According to his professors, Cody is "academically superlative" and "a highly independent researcher and teacher with creativity and insatiable curiosity."

Reagan Reed, (UC Davis) Plant Biology

Reagan is a researcher working to apply gene editing technologies to improving crop seed traits. Currently he is working with potatoes, which are grown from tubers. This kind of propagation competes with the food supply (10 percent of potatoes are used for replanting) and requires a lot of storage space. These shortcomings could be eliminated if potatoes were planted as seeds. Troublesome genetics, however, have prevented potatoes from being converted to a seed-grown crop. Reagan is working to overcome these problems, seeking to generate potato plants that will have the exact ploidy and genetic composition in each generation, allowing potatoes to have the increased yield, storability, and disease resistance of a seed-grown crop as well as the stable genetics of tubers. In addition, extension of this approach could be valuable to other crops as well.

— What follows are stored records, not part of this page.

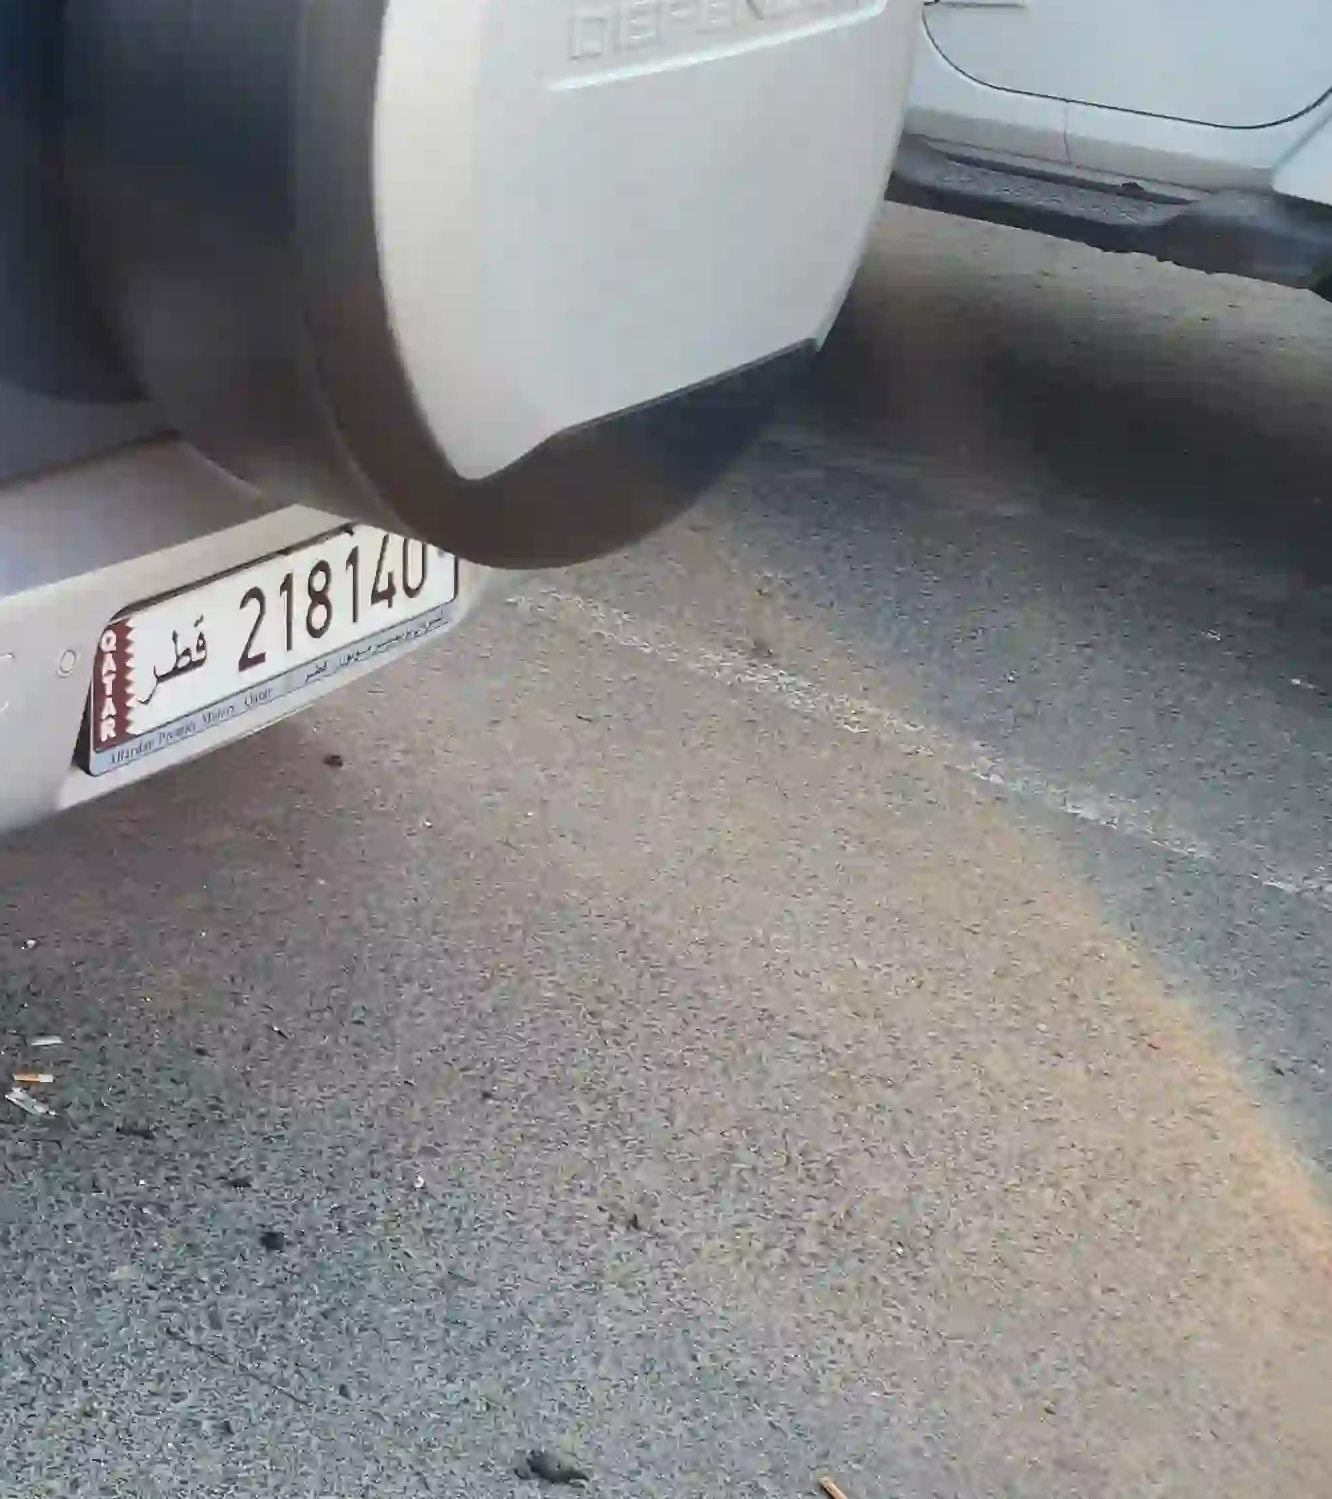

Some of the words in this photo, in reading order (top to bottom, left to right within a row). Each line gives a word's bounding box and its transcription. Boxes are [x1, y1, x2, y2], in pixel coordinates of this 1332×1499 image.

[238, 533, 428, 672] 218140
[100, 629, 117, 743] QATAR
[138, 614, 209, 706] قطر
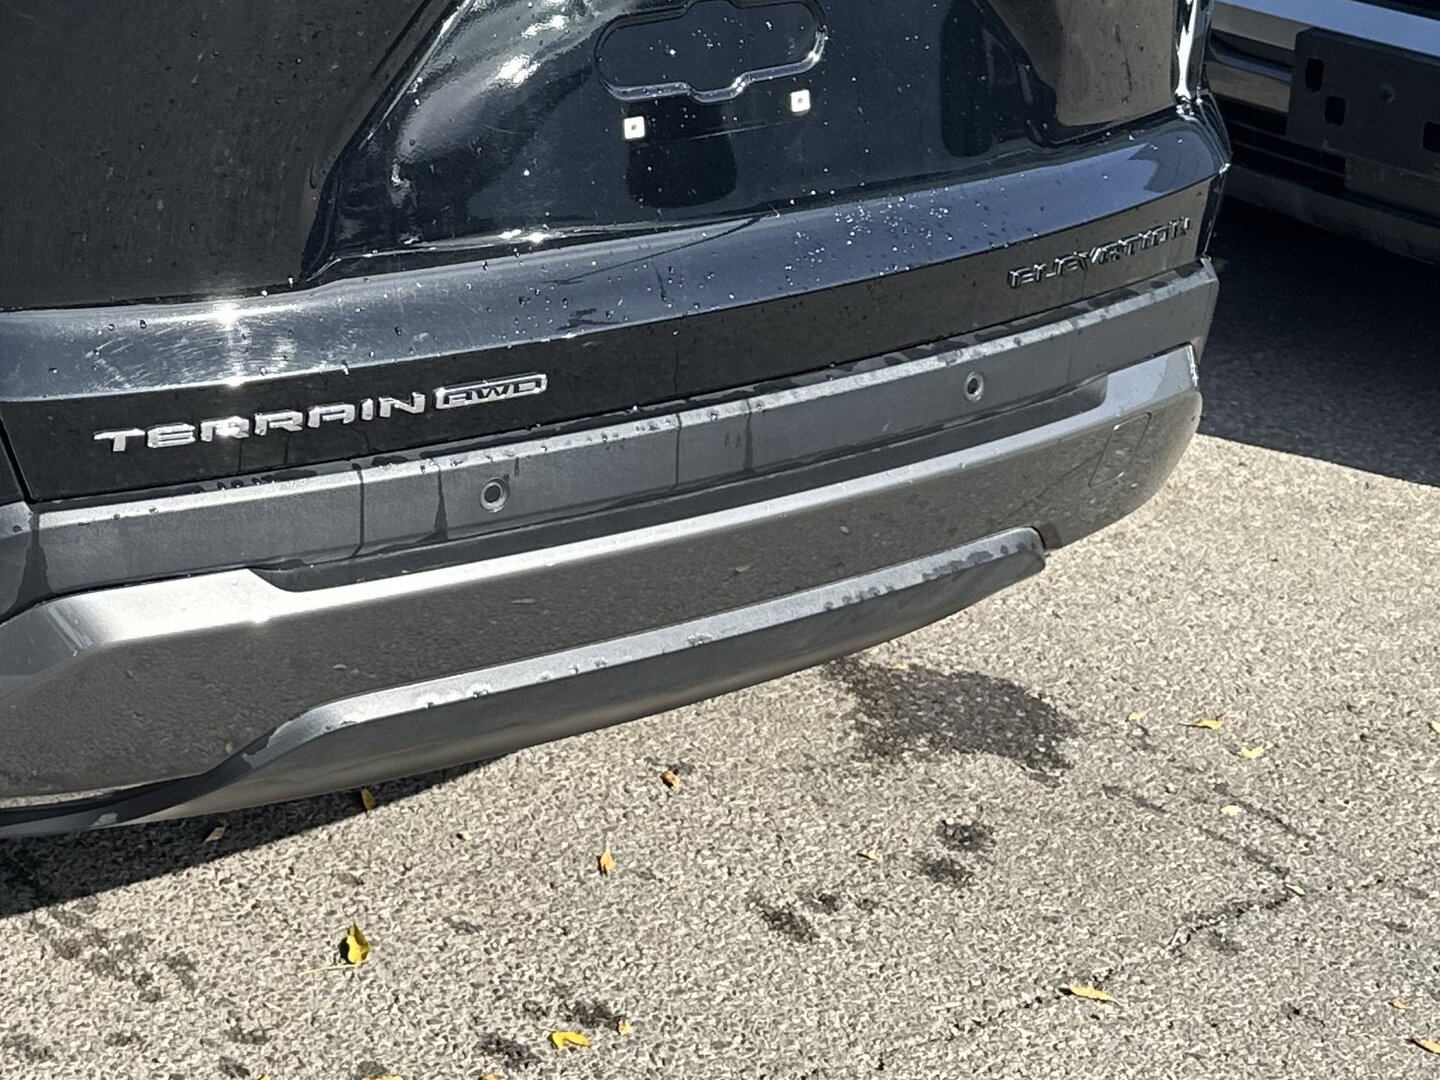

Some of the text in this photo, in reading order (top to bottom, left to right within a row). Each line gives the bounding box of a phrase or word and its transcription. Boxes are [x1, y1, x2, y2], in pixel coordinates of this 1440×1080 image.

[1007, 216, 1190, 289] ELEVATION
[93, 375, 544, 452] TERRAIN AWD

Regan's professors cited his "intellectual creativity and technical ability" and noted that he has the "skills, determination, and energy to succeed in his quest."

Nicholas Stevers, (UC San Francisco) Biomedical Sciences (Reed Award)

Nick describes his research into "the molecular 'whack-a-mole' of tumor mortality" this way: "As cells divide, the ends of their chromosomes, called telomeres, slowly erode away. Telomeres act like a molecular 'clock' and determine a cell's lifespan. Most cells in our body have a limited lifespan because their telomeres shorten over time. However, some cells, like stem cells, can stay young and keep dividing forever because they produce telomerase, a protein that replenishes telomeres. Just like stem cells, over 90 percent of human cancers achieve immortality by reactivating production of telomerase, a requirement for the endless cell division that leads to tumor formation and health consequences. . . . The reversal of telomerase production is a long-standing but unfulfilled goal in cancer therapy. Understanding how these mutations reactivate telomerase production is a critical step toward this objective, but the mechanism remains unresolved for most . . . cancers." Nick is studying the mechanism of reactivation. He has already discovered that at least sixteen different cancer types (likely more than fifty overall) rely on the same exact single mechanism to achieve tumor immortality--the "Achilles heel" of cancer.

In addition to his groundbreaking research, Nick has, in the words of one of his professors, "saved my lab tens of thousands of dollars by repairing mechanics and wiring of our refrigerated centrifuge and two different rotator plates."

Qiyi Zhao, (Stanford) Economics (Hardardt Award)

Qiyi is studying the Reformation's social and economic consequences, which have long interested social scientists. Her dissertation, which examines "how the Reformation arose out of existing urban economic and political structures and how it shaped subsequent economic development through institutional change," challenges a prevailing methodology in the literature. Her study urges caution in using the prevailing "distance from" variables that are popular in Reformation studies (as well as many other studies). She examines what kind of people embraced Protestantism and why, a question economics has overlooked. Finally, she examines to what extent and how Protestants and Catholics traded with each other. She brings new perspectives by "exploring the mechanisms of peaceful coexistence, which would have benefited both societies."

A professor notes that she has, "by combining all the right tools of economic history, called into question a literature that has been extremely influential."